--- Task data Enclosed Below ---
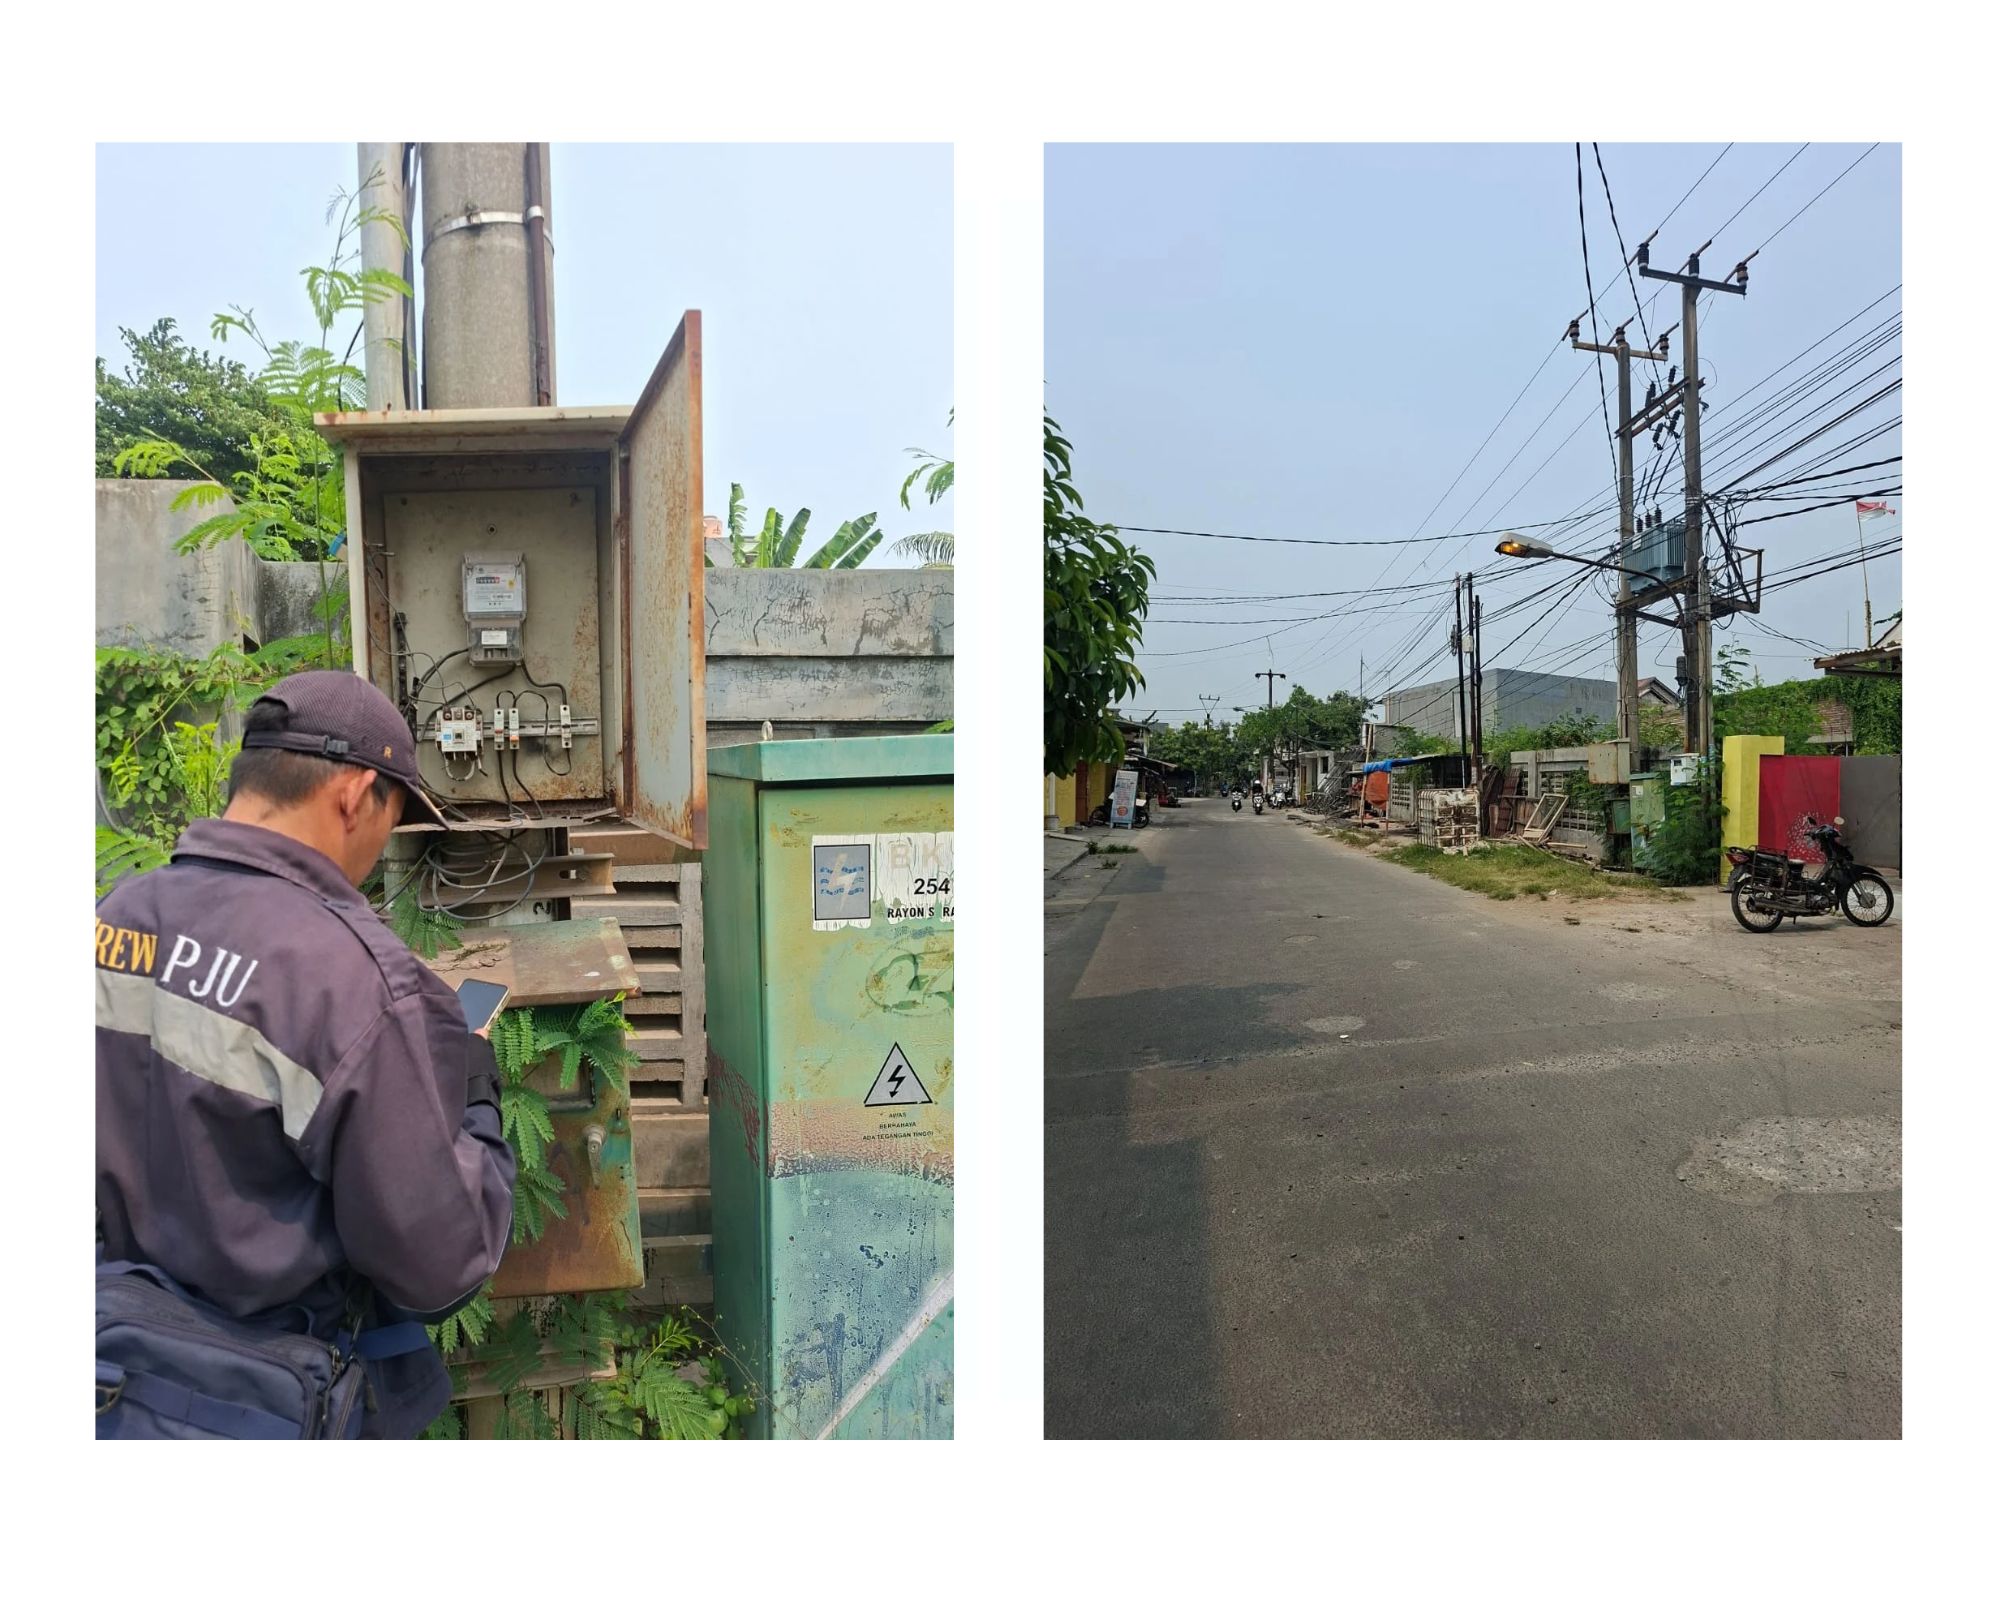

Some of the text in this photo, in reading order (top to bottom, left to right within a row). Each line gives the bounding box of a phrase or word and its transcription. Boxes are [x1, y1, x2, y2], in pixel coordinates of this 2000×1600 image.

[914, 877, 951, 895] 254
[887, 907, 925, 918] RAYON
[95, 918, 259, 1008] REW PJU
[877, 1132, 912, 1140] TEGANGAN
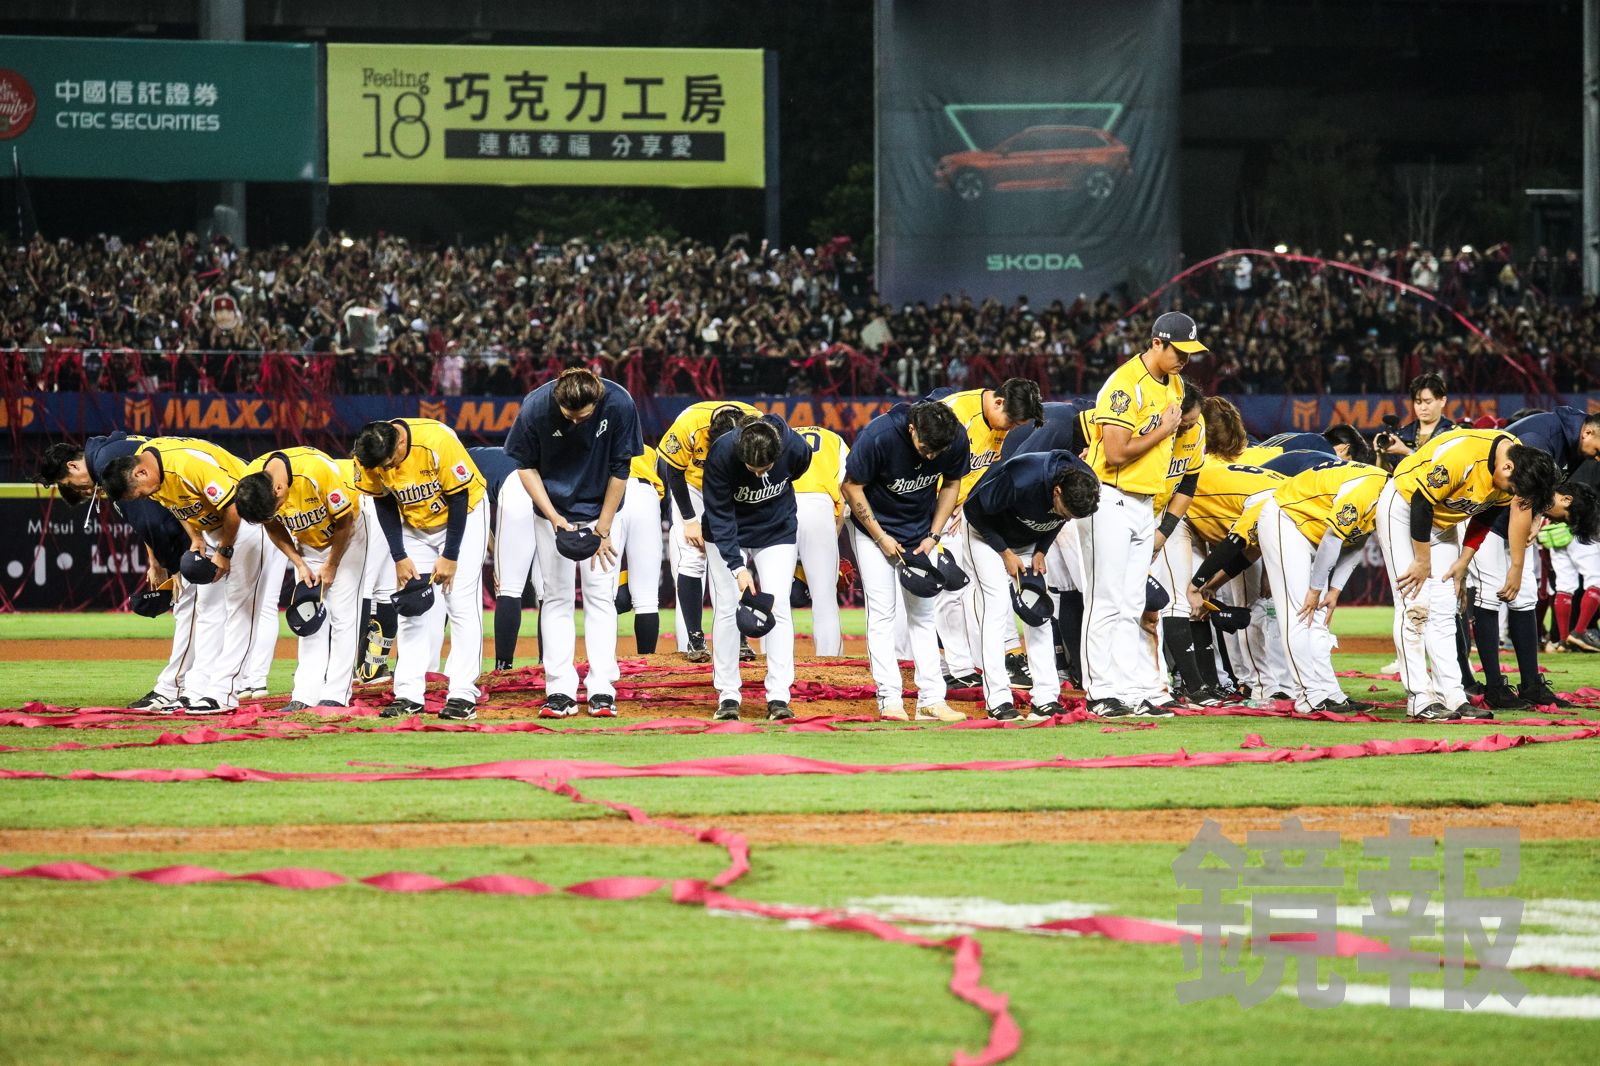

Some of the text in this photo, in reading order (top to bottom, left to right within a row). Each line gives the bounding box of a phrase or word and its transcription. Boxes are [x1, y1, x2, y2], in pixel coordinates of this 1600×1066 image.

[55, 80, 218, 107] 中國信託證券
[362, 67, 430, 96] Feeling
[444, 71, 726, 124] 巧克力工房
[55, 111, 220, 132] CTBC SECURITIES
[362, 91, 430, 159] 18
[478, 133, 693, 158] 連結幸福 分享愛
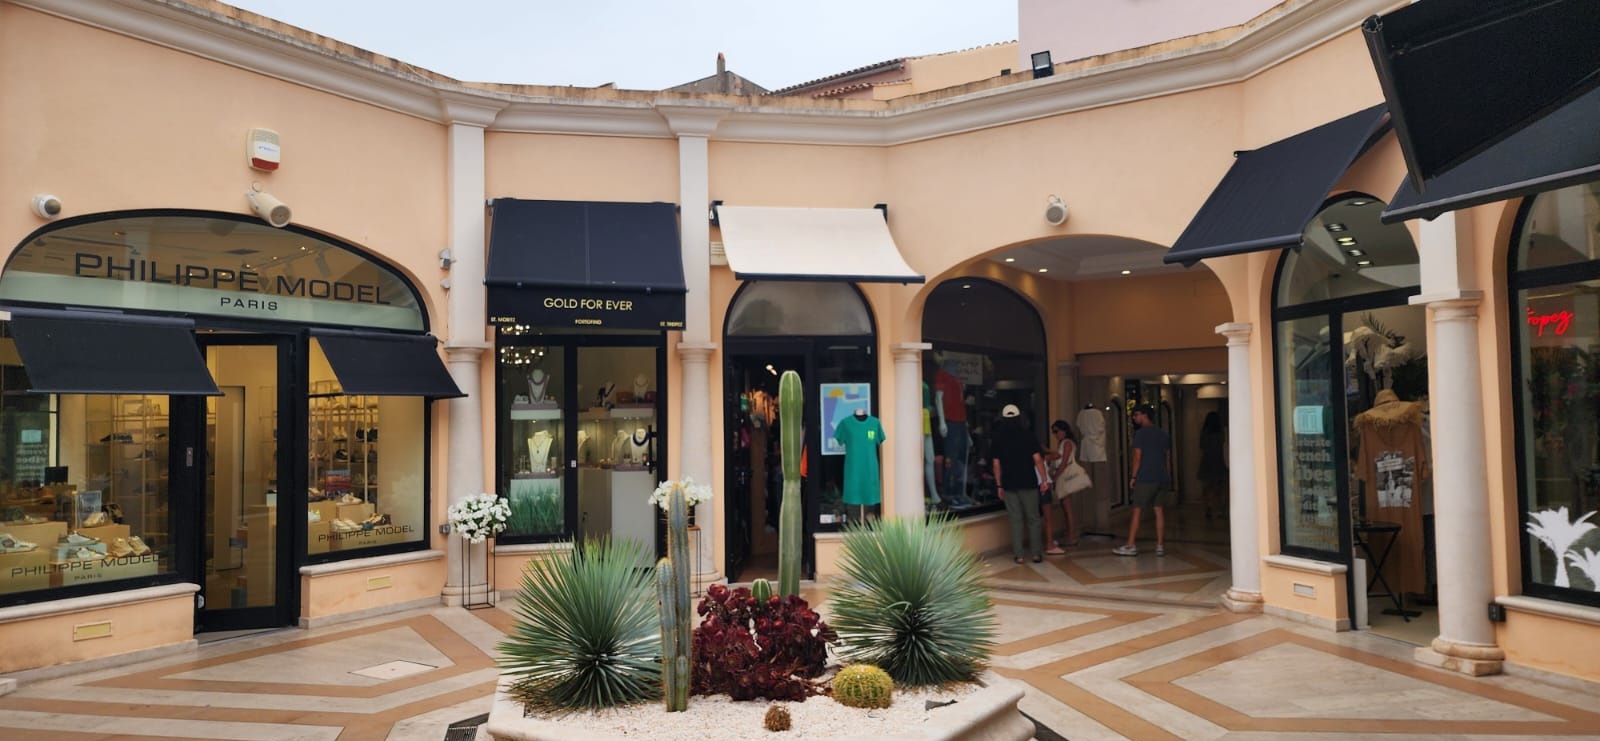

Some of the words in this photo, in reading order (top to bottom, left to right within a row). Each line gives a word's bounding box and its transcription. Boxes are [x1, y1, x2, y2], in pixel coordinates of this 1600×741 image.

[75, 252, 259, 293] PHILIPPE
[277, 275, 391, 305] MODEL
[220, 297, 278, 311] PARIS
[544, 298, 578, 309] GOLD
[580, 299, 603, 310] FOR
[605, 300, 633, 311] EVER
[318, 529, 371, 543] PHILIPPE
[375, 525, 415, 536] MODEL
[11, 560, 93, 578] PHILIPPE
[100, 554, 160, 569] MODEL
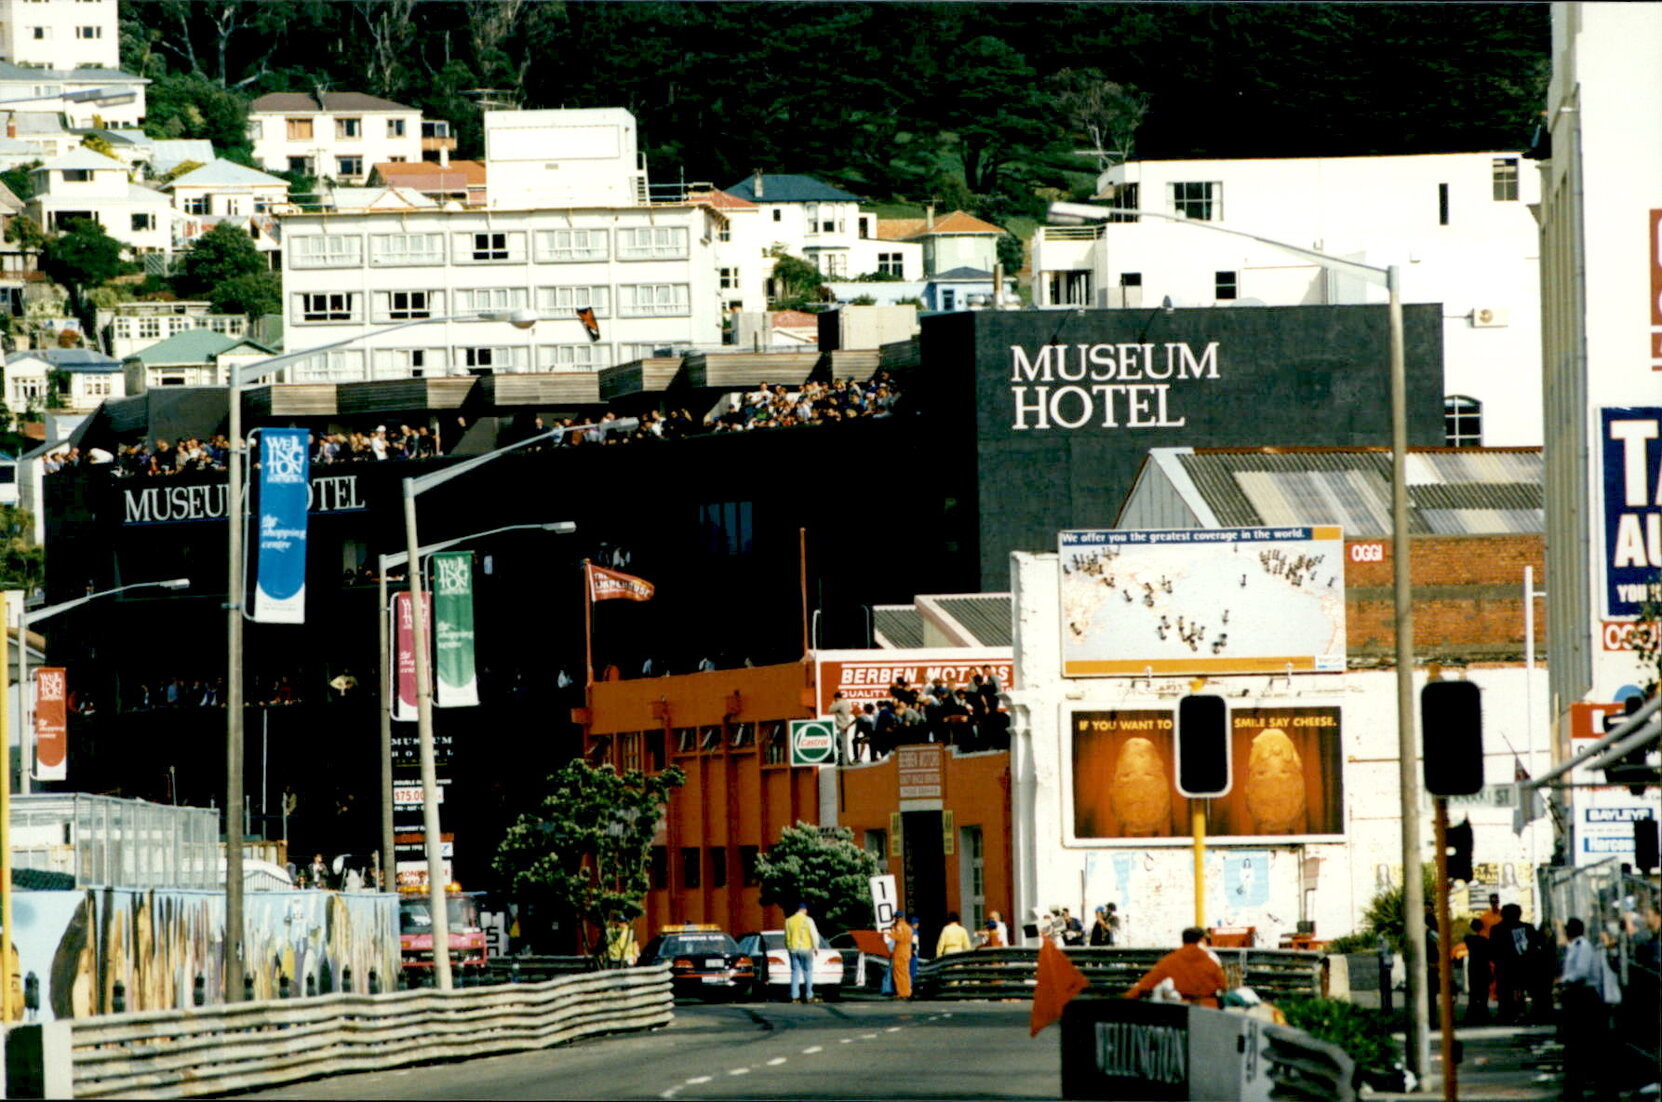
--- End of Enclosed Task data ---
#### Task objective:
Go through the listing above and quote it exactly, apart from its images.

#### Response to the task:
Some of the text in this photo, in reading order (top to bottom, left to right within a row). Each line gives the bounding box of a phrase or word and its transcription. Boxes are [x1, y1, x2, y2], in pixel coordinates of this 2000×1600 image.

[914, 877, 951, 895] 254
[887, 907, 925, 918] RAYON
[95, 918, 259, 1008] REW PJU
[877, 1132, 912, 1140] TEGANGAN

Some of the text in this photo, in reading order (top to bottom, left to right within a row). Each line gives the bounding box of a phrase or word and its transcription. Boxes are [x1, y1, x2, y2], in pixel coordinates of this 1600×1066 image.

[55, 80, 218, 107] 中國信託證券
[362, 67, 430, 96] Feeling
[444, 71, 726, 124] 巧克力工房
[55, 111, 220, 132] CTBC SECURITIES
[362, 91, 430, 159] 18
[478, 133, 693, 158] 連結幸福 分享愛

Some of the words in this photo, in reading order (top to bottom, left to right within a row). Each line gives a word's bounding box and its transcription. Boxes are [x1, y1, x2, y2], in pixel coordinates of this 1600×741 image.

[75, 252, 259, 293] PHILIPPE
[277, 275, 391, 305] MODEL
[220, 297, 278, 311] PARIS
[544, 298, 578, 309] GOLD
[580, 299, 603, 310] FOR
[605, 300, 633, 311] EVER
[318, 529, 371, 543] PHILIPPE
[375, 525, 415, 536] MODEL
[11, 560, 93, 578] PHILIPPE
[100, 554, 160, 569] MODEL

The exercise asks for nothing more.